Retype each of the records below exactly, leaving the pictures out.

::: Dataset records

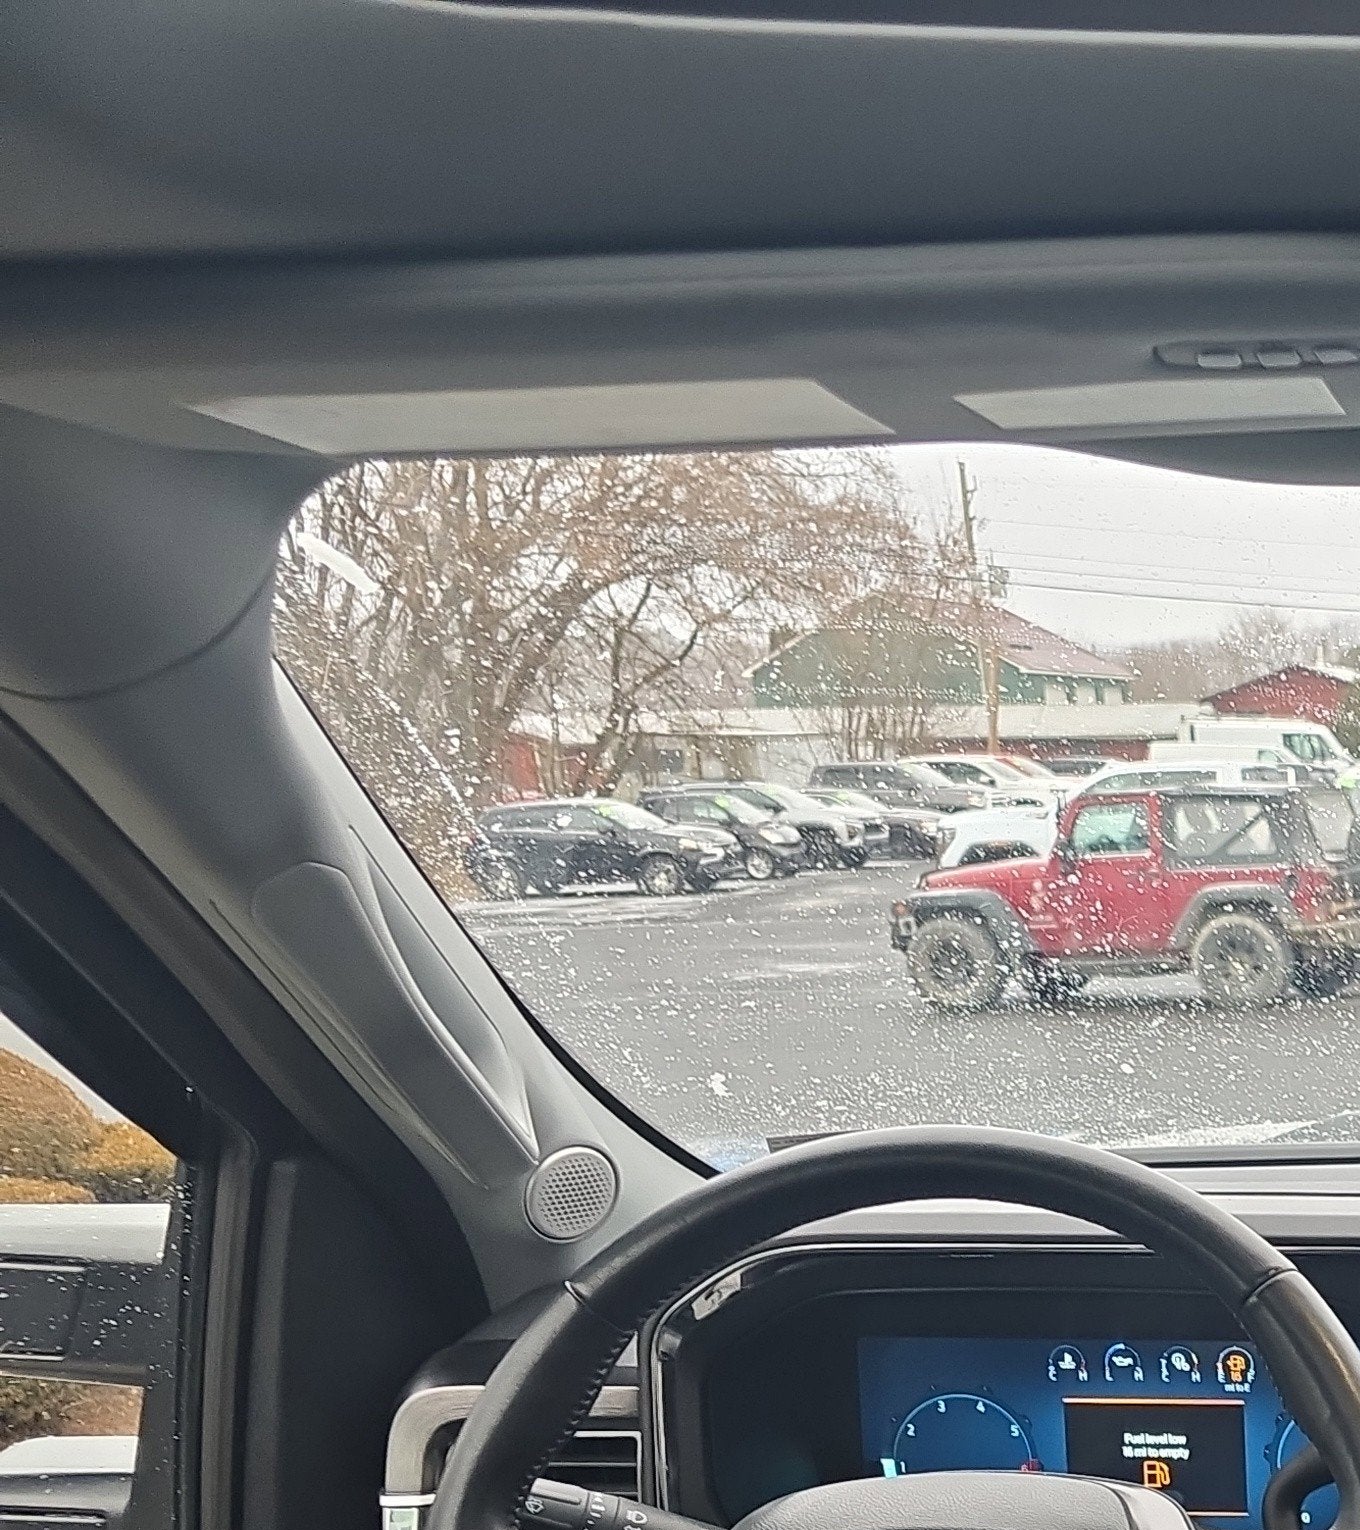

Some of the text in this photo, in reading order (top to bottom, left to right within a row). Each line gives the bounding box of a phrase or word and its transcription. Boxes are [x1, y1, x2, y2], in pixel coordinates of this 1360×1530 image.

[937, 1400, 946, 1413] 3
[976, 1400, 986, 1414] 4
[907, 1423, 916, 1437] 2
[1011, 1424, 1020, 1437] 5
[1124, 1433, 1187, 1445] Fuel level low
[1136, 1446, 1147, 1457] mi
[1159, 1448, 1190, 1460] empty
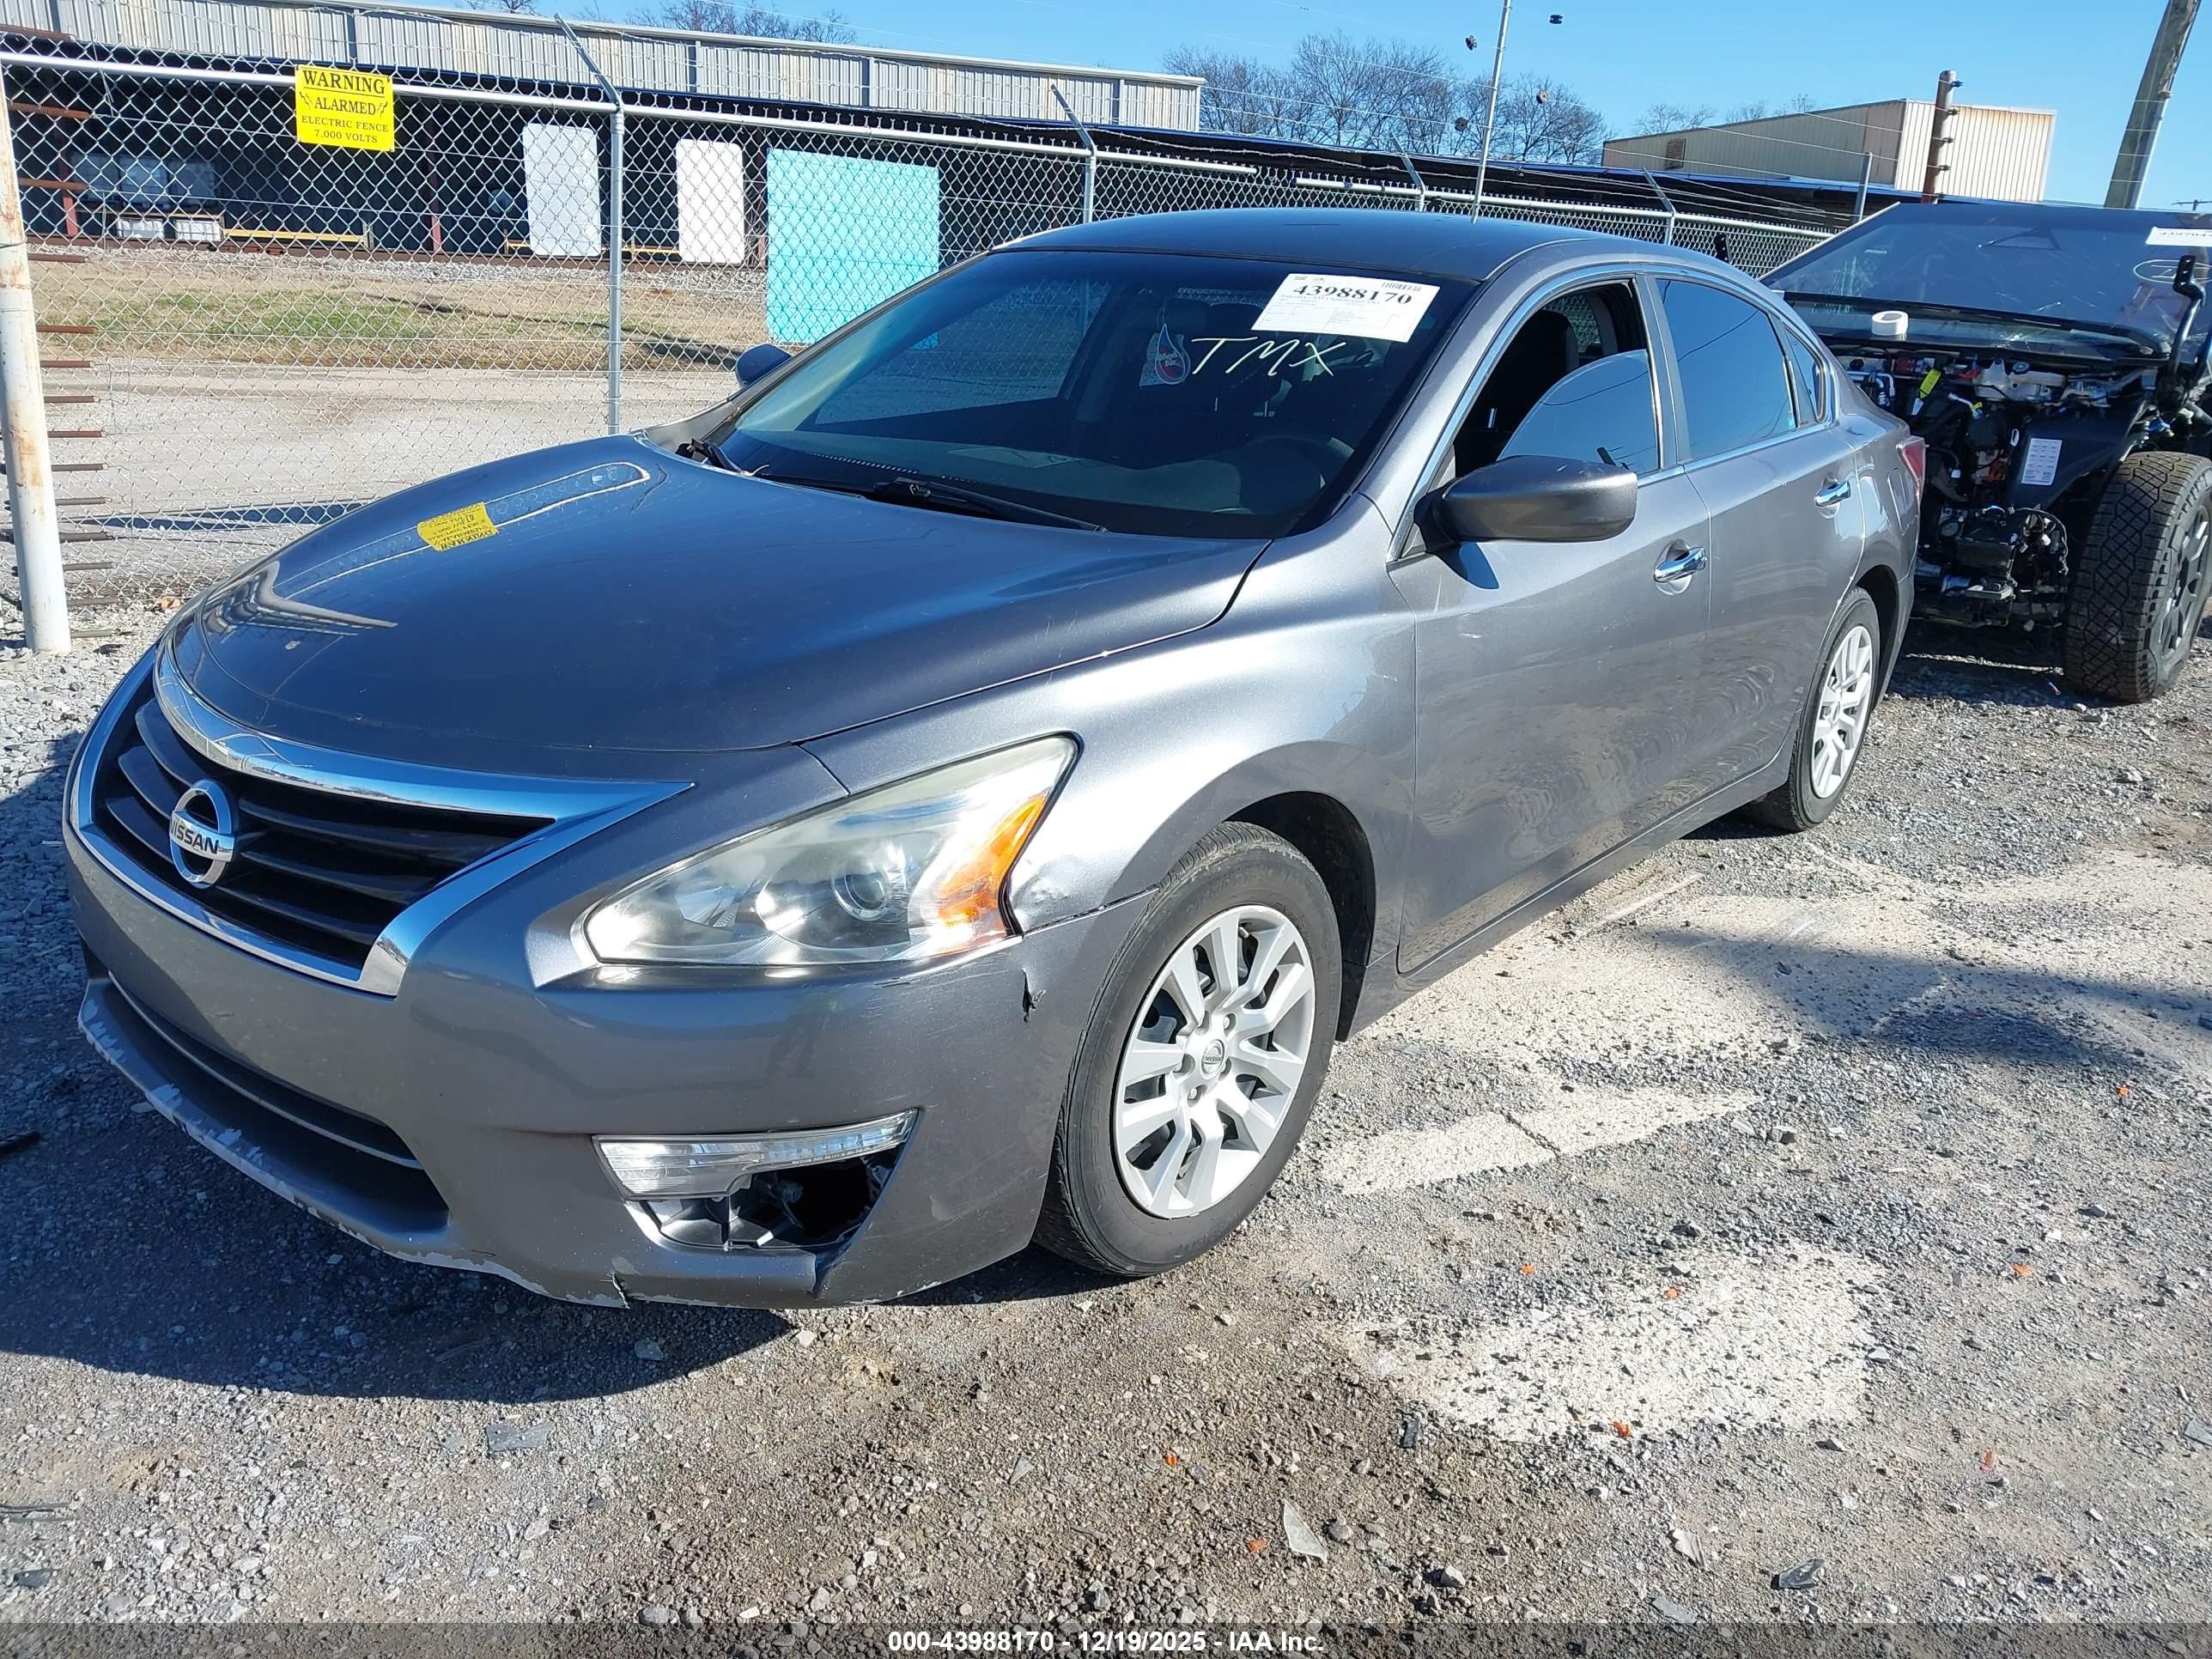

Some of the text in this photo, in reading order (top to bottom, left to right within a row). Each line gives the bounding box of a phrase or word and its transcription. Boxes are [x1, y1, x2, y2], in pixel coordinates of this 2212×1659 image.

::::::

▸ **Response area**
Some of the text in this photo, in reading order (top to bottom, left to right within a row). Each line gives the bounding box of a phrase or word and its transcription. Boxes are [x1, y1, x2, y2], in pixel coordinates of this 1360×1530 image.

[937, 1400, 946, 1413] 3
[976, 1400, 986, 1414] 4
[907, 1423, 916, 1437] 2
[1011, 1424, 1020, 1437] 5
[1124, 1433, 1187, 1445] Fuel level low
[1136, 1446, 1147, 1457] mi
[1159, 1448, 1190, 1460] empty

Some of the text in this photo, in reading order (top to bottom, left to right within a row). Each line gives the bounding box of a phrase or word and its transcription. Boxes are [x1, y1, x2, y2], in pixel coordinates of this 2212×1659 image.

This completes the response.